If the Court concludes that other measures will not be effective to redress a violation and that complete divestiture is a necessary element of effective relief, the Government cannot be denied the latter remedy because economic hardship, however severe, may result.

It must be remembered that the Court here was speaking of remedying an economic concentration of power, which potentially might have an adverse effect upon our economy. Title IX attacks a far more heinous threat, the use of force, threats of force, enforcement of illegal debts, and corruption in the acquisition or operation of business. If DuPont and other related companies can be forced to rid themselves of General Motors ownership, almost without regard for the economic consequences, then it must surely follow that the removal of criminal elements from the organizations of our society by divestiture is justified. The situation may be said to cry for legislation to accomplish that result. The criminal surely can lose his right to own or hold office in a business or other enterprise as easily as can the essentially honest, but potentially too powerful, businessman.
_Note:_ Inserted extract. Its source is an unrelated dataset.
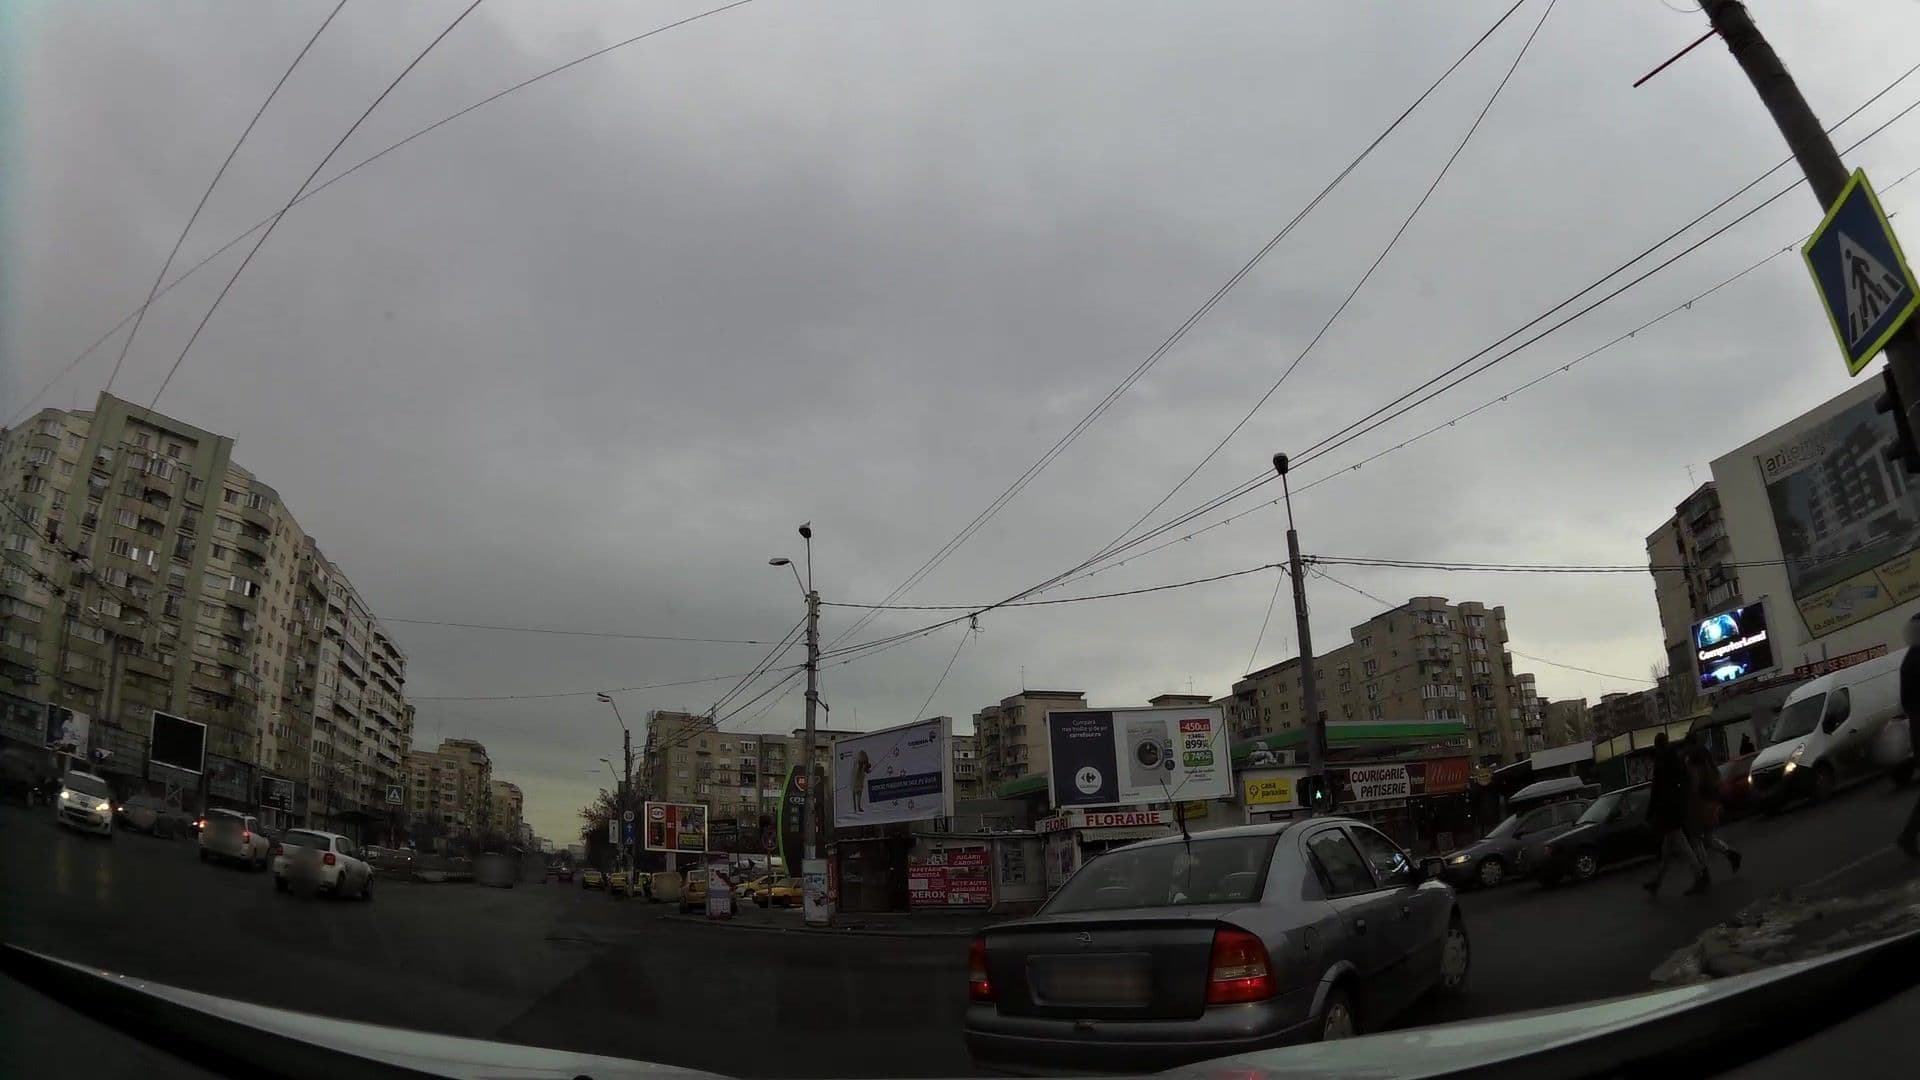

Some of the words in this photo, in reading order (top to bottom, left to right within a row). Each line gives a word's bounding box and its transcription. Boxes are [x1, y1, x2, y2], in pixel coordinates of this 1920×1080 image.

These provisions should effectively remove the criminal figure from the particular corrupt organization. In a like manner, through a remedy such as the prohibition of engaging in the same kind of activity in the future, the criminal element will not only be removed from an area of activity, they will also be prohibited from using the know-how acquired to start the same type of business or other organization again under a different name.

Here, too, the antitrust laws furnish ample precedent for the use of this sort of civil remedy. In United States v. Grinnel Corp., 384 U.S. 563, 579 (1966), the district court had decreed that one Fleming should be enjoined from working for any of the corporate defendants to an antitrust suit because of constant flouting of the antitrust laws, even though no predatory practices were found to exist. The Court, while it reversed on a factual aspect of the case, acknowledged that the remedy was available if appropriate facts were found:

Defendants urge and the Government concedes that the barring of Mr. Fleming from the employment of any of the defendants is unduly harsh and quite unnecessary on this record. While relief of that kind may be appropriate where the predatory conduct is conspicuous, we cannot see that any such case was made out on this record.

If predatory conduct may be made the basis for such a prohibition, then surely murder, extortion, and other crimes are more than equal grounds for the prohibition.

In each of these illustrative cases, the courts have emphasized that the prohibition is not a penalty against any individual. It is instead a protection of the public against parties engaging in certain types of businesses after they have shown that they are likely to run the organization in a manner detrimental to the public interest. In the spirit of this background, Title IX, it must be again emphasized, is remedial rather than penal. It is based upon the judgment that parties who conduct organizations affecting interstate commerce through a pattern of criminal activity are acting contrary to the public interest. To protect the public, these individuals must be prohibited from continuing to engage in this type of activity in any capacity.

Finally, the Department of Justice had this to say of the civil aspects of Title IX:

These time-tested remedies . . . should enable the Government to intervene in many situations which are not susceptible to proof of a criminal violation. Thus, in contrast to a criminal proceeding, the civil procedure

with its lesser standard of proof, non-jury adjudication process, amendment of pleadings, etc., will provide a valuable new method of attacking the evil aimed at in this bill. The relief offered by these equitable remedies would also seem to have a greater potential than that of the penal sanctions for actually removing the criminal figure from a particular organization and enjoining him from engaging in similar activity. Finally, these remedies are flexible, allowing of several alternate courses of action for dealing with a particular type of predatory activity, and they may also be effectively monitored by the Court to insure that its decrees are not violated. (Footnotes omitted.)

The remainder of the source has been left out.